Bill: Let me put it this way- it’s not as effective as it could be. You could have good, honest attempts at this stuff. I think when you see the crazy commercial where 8 brides are having a fistfight, I don’t even think they’re trying to brand your product. They don’t even care about it. That’s where the product is in the way, because these guys are trying to make academy award winning films. They don’t care about it. A lot of people will make an honest attempt at selling their product, but for them to really be effective, you have to realize that this can be one really big thing you’re standing for, so you need to decide what that is, and that’s the vision of your company.  Volvo said we’re gonna make the world’s safest cars. Timex watches said we’re gonna make the toughest watch for average people, the toughest watch, Takes a lickin’, keeps on tickin’. These are the kinds of decisions that people make to stand for something. You know, Nike says “just do it”, but that’s not their brand, all that is is a piece of advertising. What they first did was they paid the world’s greatest basketball and sports stars, Michael Jordan, remember? And they put those shoes on him and their brand was those are the sneakers that Michael Jordan wears. That was the selling brand. It wasn’t just do it. It’s just advertising. If they hadn’t done that, my plumber could have said just do it. Actually my plumber does say that. He goes “okay, go upstairs and flush the toilet one time, let’s see, just do it, see if the pipes leak”. But that’s what we’re getting to here. So if you want effective branding you’ve got to find that one thing but anybody can.

Lorenzo: Well, thanks to the brand brothers, we’re bringing it back. Our mission is we;re gonna stamp out fake branding.
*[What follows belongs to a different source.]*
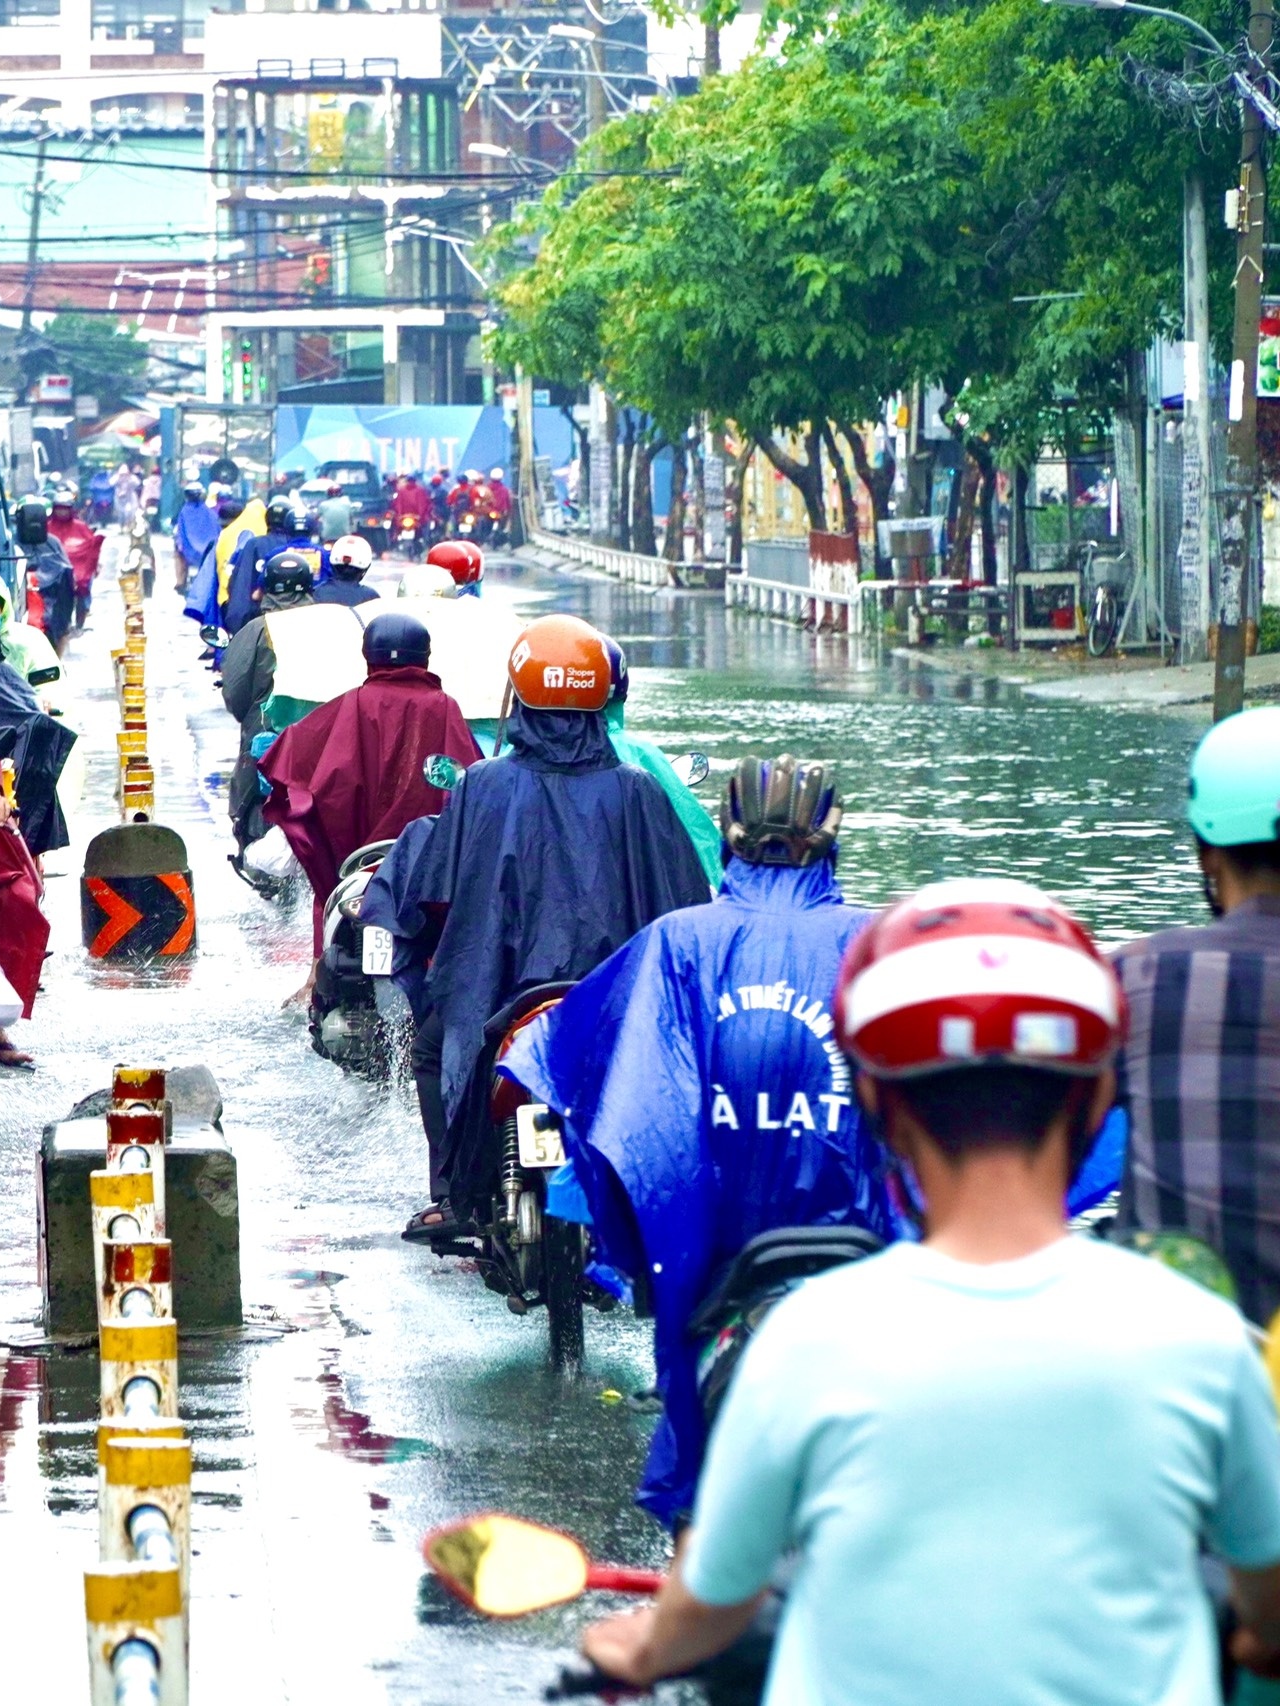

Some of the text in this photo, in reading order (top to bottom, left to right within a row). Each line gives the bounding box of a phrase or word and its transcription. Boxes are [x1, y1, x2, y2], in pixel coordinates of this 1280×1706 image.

[567, 667, 595, 677] Shopee
[566, 677, 595, 688] Food
[375, 931, 392, 949] 59
[757, 1092, 851, 1138] LẠT
Bill: We’re on a  mission from god, that’s right. To fight the evil forces of fake branding in America. Because let’s face it, folks. America invented entrepreneurship. The thing is, you had to be an entrepreneur to even come here! An entrepreneur is thinking about “how do i sell our products”, and they also invented great branding. And the brands that we remember for a hundred years. If i say Wheaties, people can still say breakfast of champions. How about M&Ms?

Lorenzo: Melts in your mouth, not in your hand.
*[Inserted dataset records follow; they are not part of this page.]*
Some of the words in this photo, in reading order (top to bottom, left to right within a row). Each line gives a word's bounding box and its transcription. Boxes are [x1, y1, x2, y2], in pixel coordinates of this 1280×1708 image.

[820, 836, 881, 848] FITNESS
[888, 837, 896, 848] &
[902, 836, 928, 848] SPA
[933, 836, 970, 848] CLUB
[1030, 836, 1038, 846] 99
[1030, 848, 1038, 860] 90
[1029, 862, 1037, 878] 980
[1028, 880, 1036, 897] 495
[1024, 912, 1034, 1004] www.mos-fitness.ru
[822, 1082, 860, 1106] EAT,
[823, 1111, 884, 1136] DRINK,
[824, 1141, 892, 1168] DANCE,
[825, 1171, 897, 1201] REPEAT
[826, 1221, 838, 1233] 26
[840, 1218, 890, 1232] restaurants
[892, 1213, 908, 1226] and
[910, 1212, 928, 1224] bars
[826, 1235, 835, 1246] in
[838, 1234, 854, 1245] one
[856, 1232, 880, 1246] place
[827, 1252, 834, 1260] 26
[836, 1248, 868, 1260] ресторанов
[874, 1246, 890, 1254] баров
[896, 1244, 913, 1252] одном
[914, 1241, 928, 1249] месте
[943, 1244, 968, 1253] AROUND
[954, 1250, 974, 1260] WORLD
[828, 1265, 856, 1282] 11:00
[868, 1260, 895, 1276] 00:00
Bill: Yeah, these are hundred year old brands. I was in India giving a speech once, you don’t know this. I was running away from the law in Pakistan, but I got to India and I was making a speech and I would say “finish my sentence: melts in your mouth…” they’d go “not in your hand”. I mean, 500 people in the audience. I say Wheaties, they go “breakfast of champions”, and that was before the internet. So you see, the power of these things is just immense.

Lorenzo: Well, next episode we’ll be talking about other things.

Bill: Well that’s a weasel right there. You mean we haven’t decided? Yeah, we’re gonna get into a lot of things about, first of all, what branding can actually do for you. There’s always something new to talk about. And we’ll be talking about it on the brand brother.